“Maybe so.” Cassidy hesitated, then said, “Just so you know, I never did believe Frank leaked that story last week.”

“That puts you in a group that’s just about the same size as the one that didn’t like the Hopalong joke.”

“No, larger than that, although it might not have felt that way to Frank. Frank’s problems with Lieutenant Carlson aren’t exactly a secret, you know. Give the others some credit for figuring out that some of the crap Frank got about that story was just political.”

I looked away. “That all seems so ridiculously petty now.”

“Yeah, I suppose it does.”

We ate in silence for a moment. I should say Cassidy ate while I stirred my soup.

“Let’s go back to what you want us to do for your newspaper,” he said.

“If Mark doesn’t know about the Riverside connection yet, let me at least tell them they need to look around out there.”

“No problem.”

“Second, let them publish any photos we can find of Neukirk and Ryan, any that show what they look like today. Ask for the public’s help in learning their whereabouts. Maybe someone saw them driving to Frank’s Volvo, or saw them after they left the parking lot of the Express. Maybe someone has seen them out shopping for groceries. You never know. This could end up helping you.”

“We will most likely be handing the photos out in a press conference anyway — this evening, if I don’t miss my guess.”

“Okay, but let me give the Express just a little more. The other media will assume that the Express is going to have some advantage with the great good fortune of having a reporter on the inside.”

“All hell is going to break loose out here, isn’t it?”

I nodded. “They’ll catch wind of this any time now anyway.
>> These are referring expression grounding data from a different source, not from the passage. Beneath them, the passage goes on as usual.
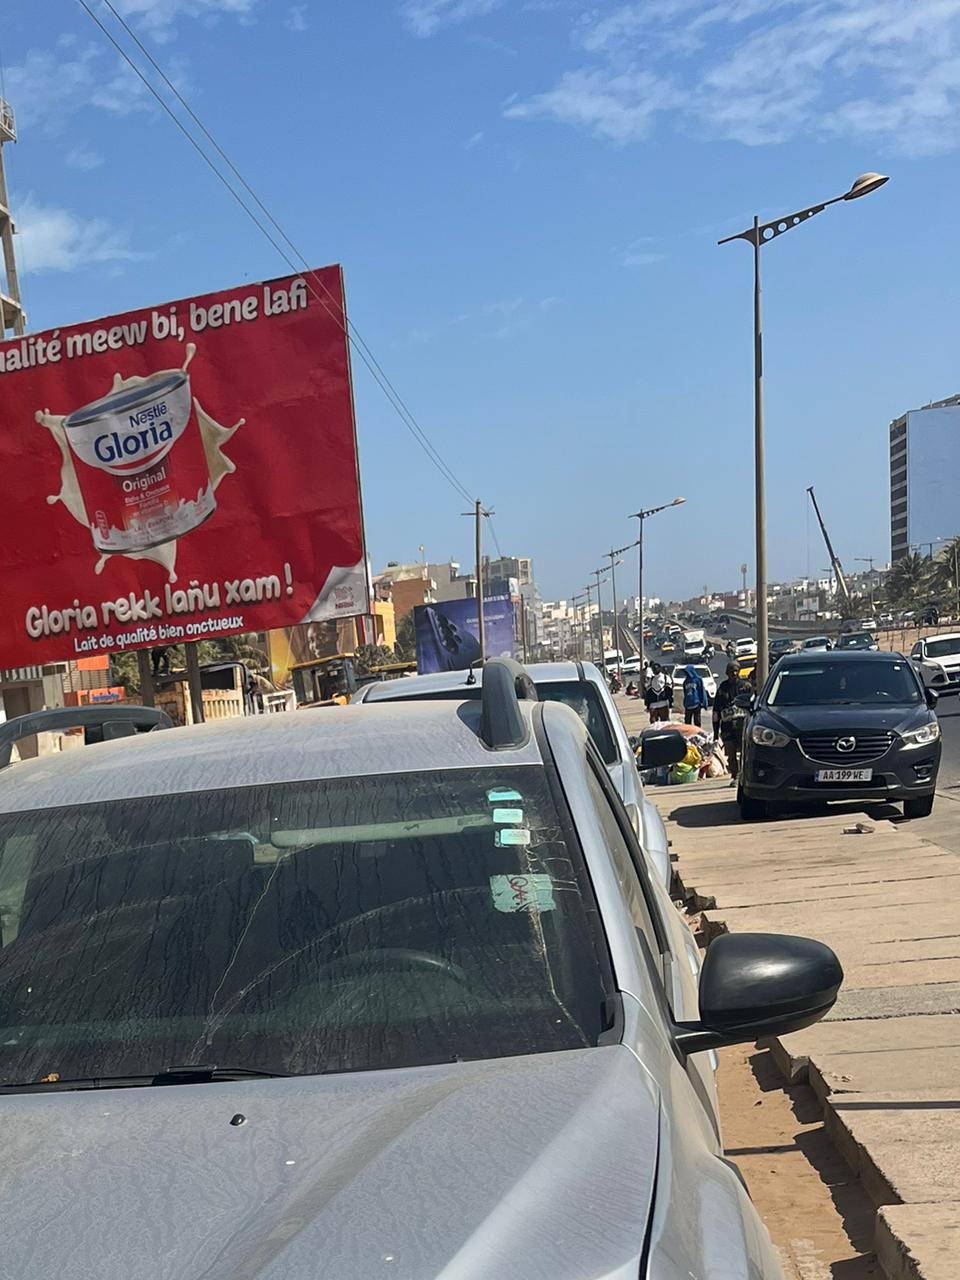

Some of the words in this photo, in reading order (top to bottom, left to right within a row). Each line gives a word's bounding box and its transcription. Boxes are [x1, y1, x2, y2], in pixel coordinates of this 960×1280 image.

[66, 320, 147, 359] meew
[151, 306, 185, 342] bi,
[190, 296, 258, 332] bene
[263, 278, 307, 317] lafi
[129, 401, 167, 428] Nestlé
[93, 421, 173, 463] Gloria
[122, 466, 167, 493] Original
[25, 598, 98, 639] Gloria
[101, 589, 163, 625] rekk
[164, 579, 220, 615] lañu
[224, 574, 281, 604] xam
[73, 636, 99, 653] Lait
[99, 633, 115, 649] de
[116, 624, 158, 650] qualité
[158, 624, 185, 641] bien
[186, 615, 244, 635] onctueux
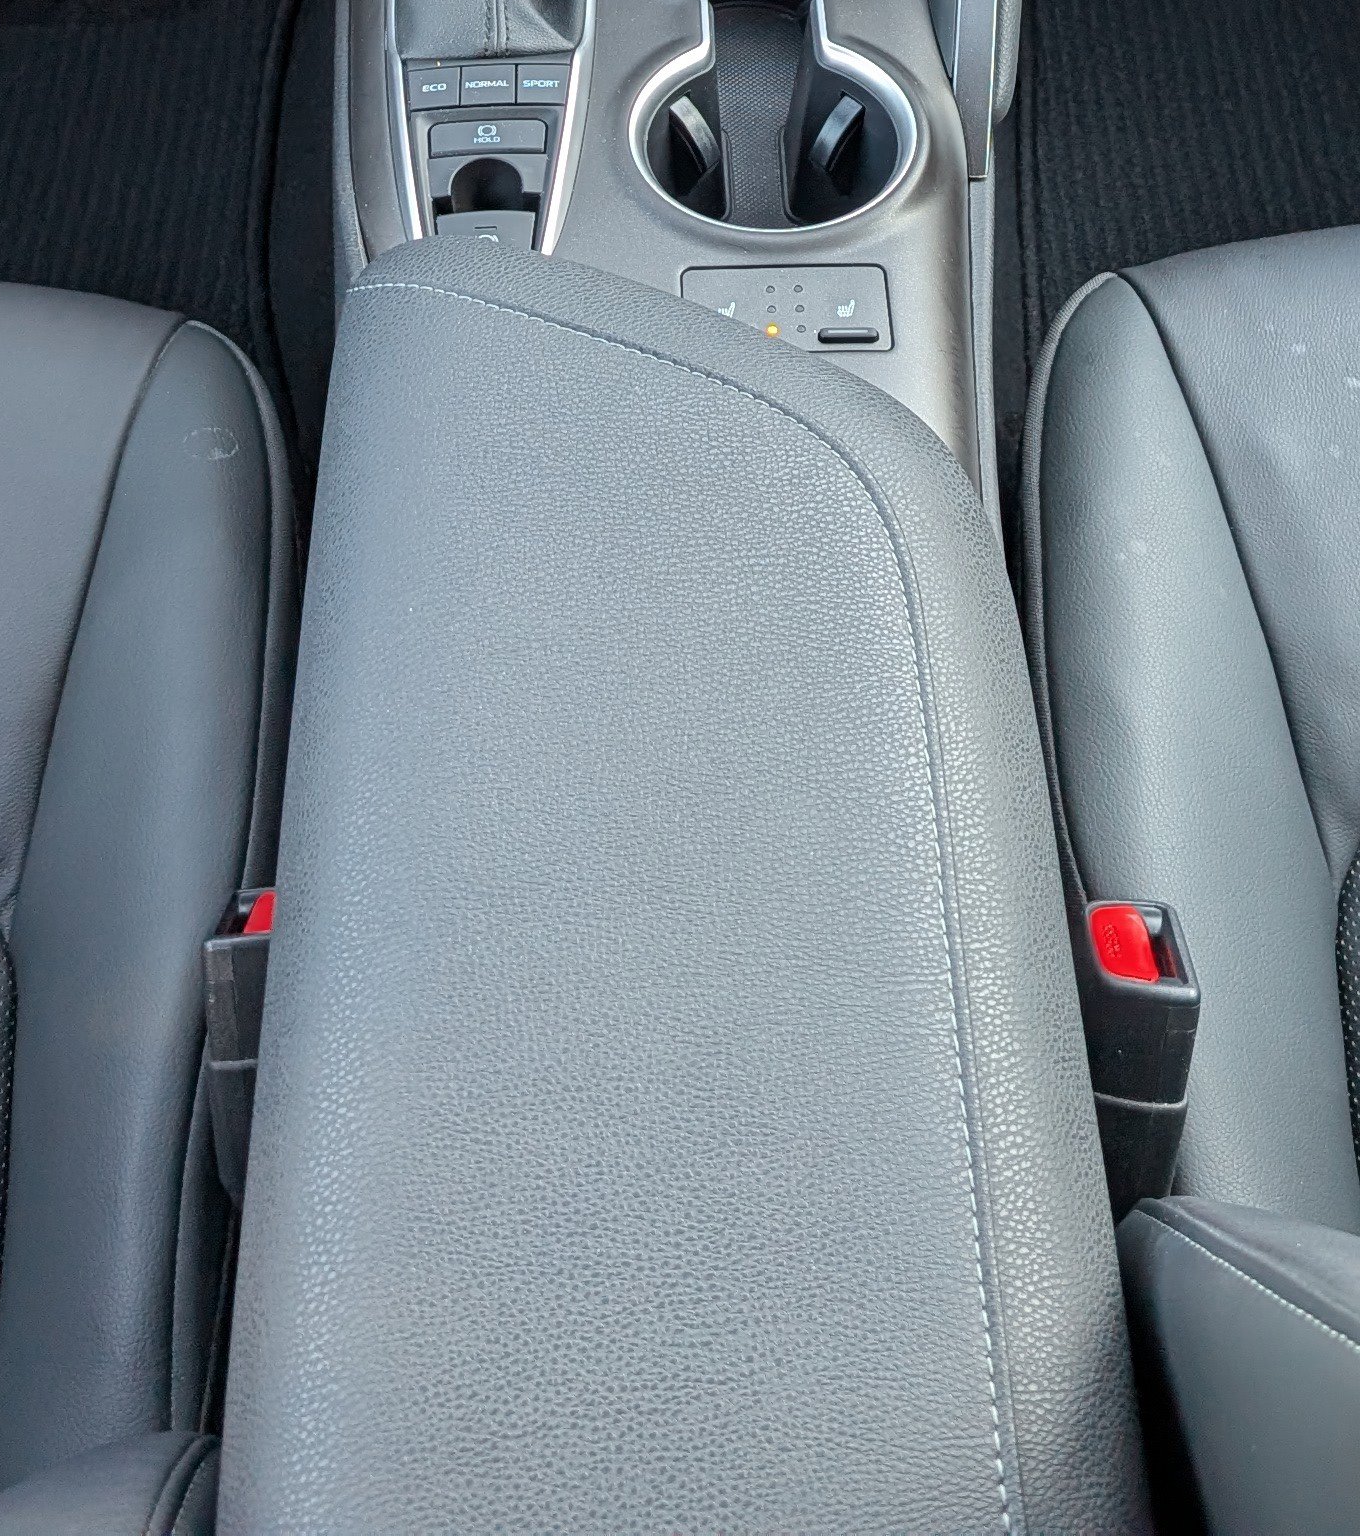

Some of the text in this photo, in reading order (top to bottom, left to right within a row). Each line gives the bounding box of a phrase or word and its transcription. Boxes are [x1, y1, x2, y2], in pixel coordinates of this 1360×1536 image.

[465, 79, 509, 89] NORMAL
[522, 80, 560, 88] SPORT
[473, 136, 501, 144] HOLD
Brandon’s probably calling an editor at the Californian while we sit here. But we still don’t know what Hocus wants, and I’m not likely to tell anyone other than the Express — unless it’s to Frank’s benefit to do so.”

“Why, Ms. Kelly, you surprise me.”

He didn’t look so surprised. “Do you have any problem with what I’ve proposed?”

He shook his head. “No, not really.”

I realized what I had been sensing in him for the last few moments. “You’re disappointed in me, aren’t you? You’re asking yourself how I could be thinking of writing a story about my own husband’s abduction.”

He didn’t say anything.

“Well, I don’t want to write about it. I wish I could just leave the reporting to somebody else. I wish I could believe for a minute that all of the media coverage will only be helpful, that none of my colleagues will do anything that will bring harm to Frank. But that’s not the way it works.”

“No, I suppose not.”

“John Walters won’t give up. I’ve worked with the man for years. He didn’t get to where he is today by backing down. He’ll be after me every ten minutes if I don’t beat him to the punch. I don’t need that distraction. I need to stay focused on Frank. The only way I can buy a little breathing room is to make John an offer.”

After a moment he said, “Ever hear of the Hickman case?”

I shook my head.

“Took place in L.A. in the late 1920s. One of California’s most notorious kidnapping cases, up until Patty Hearst was taken. Hickman abducted a banker’s daughter, Marian Parker. When he collected the ransom from the banker, Hickman was in a car, and Marian — she was twelve — seemed to be asleep on the seat next to him. Hickman told the girl’s father that he was just going to drive down the street a ways, and then he’d release the girl. He did. But when Marian’s father unwrapped the blanket she was in, he discovered she was dead, and that Hickman had amputated her legs.”

“This is not the kind of story I need to hear right now.”

“I’ve already told you that we don’t always have happy endings in this kind of situation — you need to accept that anything can happen. But that’s not my point. There’s more to the story.”

“Please—”

“Needless to say, there was a great hue and cry, and when Hickman was arrested in Oregon and brought back to Los Angeles, thousands of angry citizens were waiting at the train. For one week at a vaudeville stage in L.A., you could pay to hear the Oregon detectives tell the story of Hickman’s arrest. Every paper in the country sent a reporter to cover the trial.

“But one writer who was asked to cover the trial didn’t accept the invitation. Will Rogers. He wrote a letter to the New York Times. He said he wanted to die claiming only one distinction — that of being the only writer to refuse newspaper offers to cover the Hickman trial. He thought each town ought to be ashamed of the crimes that were committed there. Instead, he said, ‘Every town tries to make their murder the biggest one of the year….’ ”

I looked away from him, then said, “Yeah? Well, I can’t do rope tricks worth a shit, either.”

He laughed. “I don’t know many myself.”

I stirred my soup again. “Tell me what’s being done — I’m not asking this as a reporter, I’m asking as Frank’s wife.”

“What’s being done? You mean, aside from what you and I are doing?”